There are clear reforms that would make a difference:
Threat aggregation statutes that allow repeated or multi-platform threats to be treated as a single course of conduct, rather than isolated incidents.
Explicit recognition of online harassment campaigns — including coordinated doxxing, rape threats, and stalking — as criminal harassment, not “speech.”
Lower evidentiary thresholds for protective action, such as restraining orders, when threats involve sexual violence or targeted fixation.
Dedicated cyber-harassment units with the training and resources to investigate threats that cross jurisdictions and platforms.
None of this infringes on free speech. Threats are not speech. Coordinated intimidation is not debate. And waiting for someone to be harmed before taking action is not justice — it is negligence.
My ask of you: Be diligent, vigilant and advocate for change.
If you take one thing from this piece, let it be this: documentation matters, and silence helps no one but abusers.
If you are being threatened:
Report it, even when you are told it “won’t go anywhere.”

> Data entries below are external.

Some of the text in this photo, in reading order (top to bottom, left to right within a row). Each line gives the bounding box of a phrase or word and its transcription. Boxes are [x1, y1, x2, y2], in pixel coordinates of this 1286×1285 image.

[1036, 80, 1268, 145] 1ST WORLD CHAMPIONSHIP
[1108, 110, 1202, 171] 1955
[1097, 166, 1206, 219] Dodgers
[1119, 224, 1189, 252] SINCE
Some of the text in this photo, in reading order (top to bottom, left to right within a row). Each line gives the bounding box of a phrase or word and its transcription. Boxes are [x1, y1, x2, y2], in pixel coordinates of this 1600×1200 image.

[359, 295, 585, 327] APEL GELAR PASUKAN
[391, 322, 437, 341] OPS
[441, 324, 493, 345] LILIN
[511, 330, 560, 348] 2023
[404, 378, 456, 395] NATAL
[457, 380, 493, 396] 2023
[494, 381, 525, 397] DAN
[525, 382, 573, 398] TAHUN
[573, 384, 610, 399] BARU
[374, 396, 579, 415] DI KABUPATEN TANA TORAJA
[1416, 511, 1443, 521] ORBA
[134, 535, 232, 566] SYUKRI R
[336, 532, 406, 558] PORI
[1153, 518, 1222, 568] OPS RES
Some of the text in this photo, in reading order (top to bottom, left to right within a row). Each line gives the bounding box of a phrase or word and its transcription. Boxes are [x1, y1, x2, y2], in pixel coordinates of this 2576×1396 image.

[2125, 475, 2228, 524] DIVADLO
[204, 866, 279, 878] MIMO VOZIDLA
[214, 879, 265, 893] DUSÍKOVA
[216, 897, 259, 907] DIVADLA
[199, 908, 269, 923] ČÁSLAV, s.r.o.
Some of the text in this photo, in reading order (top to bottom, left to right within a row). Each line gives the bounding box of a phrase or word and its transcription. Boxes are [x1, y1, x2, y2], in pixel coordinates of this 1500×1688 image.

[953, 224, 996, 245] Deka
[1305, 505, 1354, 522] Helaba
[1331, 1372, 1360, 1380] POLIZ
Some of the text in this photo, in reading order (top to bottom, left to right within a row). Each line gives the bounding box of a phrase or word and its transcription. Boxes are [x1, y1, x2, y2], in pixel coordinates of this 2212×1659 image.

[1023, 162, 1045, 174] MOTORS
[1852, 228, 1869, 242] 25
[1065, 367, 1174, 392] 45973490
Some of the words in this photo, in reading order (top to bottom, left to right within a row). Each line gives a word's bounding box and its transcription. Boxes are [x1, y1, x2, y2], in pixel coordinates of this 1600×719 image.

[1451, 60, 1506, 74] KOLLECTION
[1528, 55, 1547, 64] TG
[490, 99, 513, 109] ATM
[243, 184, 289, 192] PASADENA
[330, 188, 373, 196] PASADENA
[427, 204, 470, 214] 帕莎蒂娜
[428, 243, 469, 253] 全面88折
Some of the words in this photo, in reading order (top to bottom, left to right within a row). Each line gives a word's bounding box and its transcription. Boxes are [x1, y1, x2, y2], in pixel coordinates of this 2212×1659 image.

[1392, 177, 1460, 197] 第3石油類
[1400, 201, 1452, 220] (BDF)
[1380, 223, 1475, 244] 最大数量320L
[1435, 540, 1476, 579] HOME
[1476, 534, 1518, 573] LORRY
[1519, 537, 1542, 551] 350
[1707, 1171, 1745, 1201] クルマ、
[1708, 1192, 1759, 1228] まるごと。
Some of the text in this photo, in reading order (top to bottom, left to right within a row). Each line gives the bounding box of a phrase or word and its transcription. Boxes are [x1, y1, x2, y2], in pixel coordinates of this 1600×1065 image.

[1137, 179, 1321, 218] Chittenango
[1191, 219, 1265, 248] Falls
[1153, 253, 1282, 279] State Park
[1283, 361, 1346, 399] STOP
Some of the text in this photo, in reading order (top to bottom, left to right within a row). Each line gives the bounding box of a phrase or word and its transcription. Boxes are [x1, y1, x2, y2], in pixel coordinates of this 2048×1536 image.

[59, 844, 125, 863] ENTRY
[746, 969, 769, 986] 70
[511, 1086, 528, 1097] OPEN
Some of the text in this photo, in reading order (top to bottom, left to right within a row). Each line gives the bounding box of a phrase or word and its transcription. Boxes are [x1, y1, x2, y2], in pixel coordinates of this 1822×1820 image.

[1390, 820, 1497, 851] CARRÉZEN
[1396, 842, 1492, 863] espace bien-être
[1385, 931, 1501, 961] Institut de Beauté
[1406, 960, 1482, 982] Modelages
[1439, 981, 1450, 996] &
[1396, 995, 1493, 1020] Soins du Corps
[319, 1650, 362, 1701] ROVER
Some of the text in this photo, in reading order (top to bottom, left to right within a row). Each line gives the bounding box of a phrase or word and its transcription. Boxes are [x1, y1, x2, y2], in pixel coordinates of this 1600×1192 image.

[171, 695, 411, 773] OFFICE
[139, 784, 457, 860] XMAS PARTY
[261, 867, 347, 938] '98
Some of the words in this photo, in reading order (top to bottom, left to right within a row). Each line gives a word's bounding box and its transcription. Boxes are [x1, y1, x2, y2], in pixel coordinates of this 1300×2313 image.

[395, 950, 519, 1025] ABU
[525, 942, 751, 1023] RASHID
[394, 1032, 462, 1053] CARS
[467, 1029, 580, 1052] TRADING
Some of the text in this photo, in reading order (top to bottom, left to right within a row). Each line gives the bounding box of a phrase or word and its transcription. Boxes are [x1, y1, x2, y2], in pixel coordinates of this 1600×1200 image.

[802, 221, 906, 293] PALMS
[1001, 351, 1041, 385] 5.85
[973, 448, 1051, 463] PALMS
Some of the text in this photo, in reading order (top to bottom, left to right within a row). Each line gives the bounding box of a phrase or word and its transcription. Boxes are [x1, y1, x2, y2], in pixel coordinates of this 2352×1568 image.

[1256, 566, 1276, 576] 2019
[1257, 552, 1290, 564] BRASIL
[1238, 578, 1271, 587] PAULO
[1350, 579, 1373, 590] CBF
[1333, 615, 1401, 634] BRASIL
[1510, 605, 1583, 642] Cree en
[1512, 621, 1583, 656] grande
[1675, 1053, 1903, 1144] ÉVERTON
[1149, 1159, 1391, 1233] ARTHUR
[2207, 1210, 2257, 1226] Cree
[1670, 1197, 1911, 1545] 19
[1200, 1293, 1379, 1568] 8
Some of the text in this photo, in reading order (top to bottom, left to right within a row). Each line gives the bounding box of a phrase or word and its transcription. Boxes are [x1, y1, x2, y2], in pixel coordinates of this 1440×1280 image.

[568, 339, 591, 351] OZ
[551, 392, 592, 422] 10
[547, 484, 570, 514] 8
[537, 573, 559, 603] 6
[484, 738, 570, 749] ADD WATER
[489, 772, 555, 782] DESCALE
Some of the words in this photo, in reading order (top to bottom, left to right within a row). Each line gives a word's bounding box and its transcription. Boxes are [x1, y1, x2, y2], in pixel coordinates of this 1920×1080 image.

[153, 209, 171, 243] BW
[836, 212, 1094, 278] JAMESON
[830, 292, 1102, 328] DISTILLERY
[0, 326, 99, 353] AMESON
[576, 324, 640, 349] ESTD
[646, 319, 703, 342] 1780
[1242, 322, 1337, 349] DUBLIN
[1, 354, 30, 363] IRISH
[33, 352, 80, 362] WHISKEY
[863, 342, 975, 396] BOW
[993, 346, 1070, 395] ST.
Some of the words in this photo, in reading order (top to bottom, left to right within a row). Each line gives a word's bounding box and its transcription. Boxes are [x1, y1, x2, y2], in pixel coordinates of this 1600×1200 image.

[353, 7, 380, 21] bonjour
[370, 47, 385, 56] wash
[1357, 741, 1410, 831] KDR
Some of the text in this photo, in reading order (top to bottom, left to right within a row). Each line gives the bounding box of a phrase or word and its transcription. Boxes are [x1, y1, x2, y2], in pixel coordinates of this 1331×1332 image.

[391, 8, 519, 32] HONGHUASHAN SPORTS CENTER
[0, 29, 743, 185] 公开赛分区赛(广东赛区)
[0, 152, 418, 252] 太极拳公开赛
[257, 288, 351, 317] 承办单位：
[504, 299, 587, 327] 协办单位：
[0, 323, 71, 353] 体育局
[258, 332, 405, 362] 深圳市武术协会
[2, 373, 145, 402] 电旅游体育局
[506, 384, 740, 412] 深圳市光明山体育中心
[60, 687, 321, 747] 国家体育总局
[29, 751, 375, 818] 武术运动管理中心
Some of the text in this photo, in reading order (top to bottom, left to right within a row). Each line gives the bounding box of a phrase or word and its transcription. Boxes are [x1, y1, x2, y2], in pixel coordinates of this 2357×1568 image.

Save everything. Screenshots, voicemails, timestamps, URLs.
Create the paper trail anyway — because patterns only exist if they are recorded.
If you witness this happening to others:
Do not minimize it. Call it out.
Do not tell women to “log off.”
Do not treat coordinated harassment as internet drama instead of what it is: a form of political violence.
And if you are a lawmaker, journalist, platform moderator, or researcher reading this: stop pretending these are edge cases. They are not. They are the system functioning exactly as designed — to exhaust, isolate, and silence.
I will keep writing.
I will keep reporting.
And I will keep showing up in courtrooms and public records alike — not because I am unafraid, but because retreat is precisely what this ecosystem is built to force.
Sunlight is still the only disinfectant we have.






Good Lord Rebekah. I am so sorry you are going through all this. I had no idea our laws were so abysmally ineffective on this issue. Thank you for the hard-won information.
Misdemeanor telephone misuse charges? Somehow I think that if I were to leave the exact same messages to a low-level member of the Trump maladministration or the DeSantis regime I'd be facing charges just a tad bit more serious.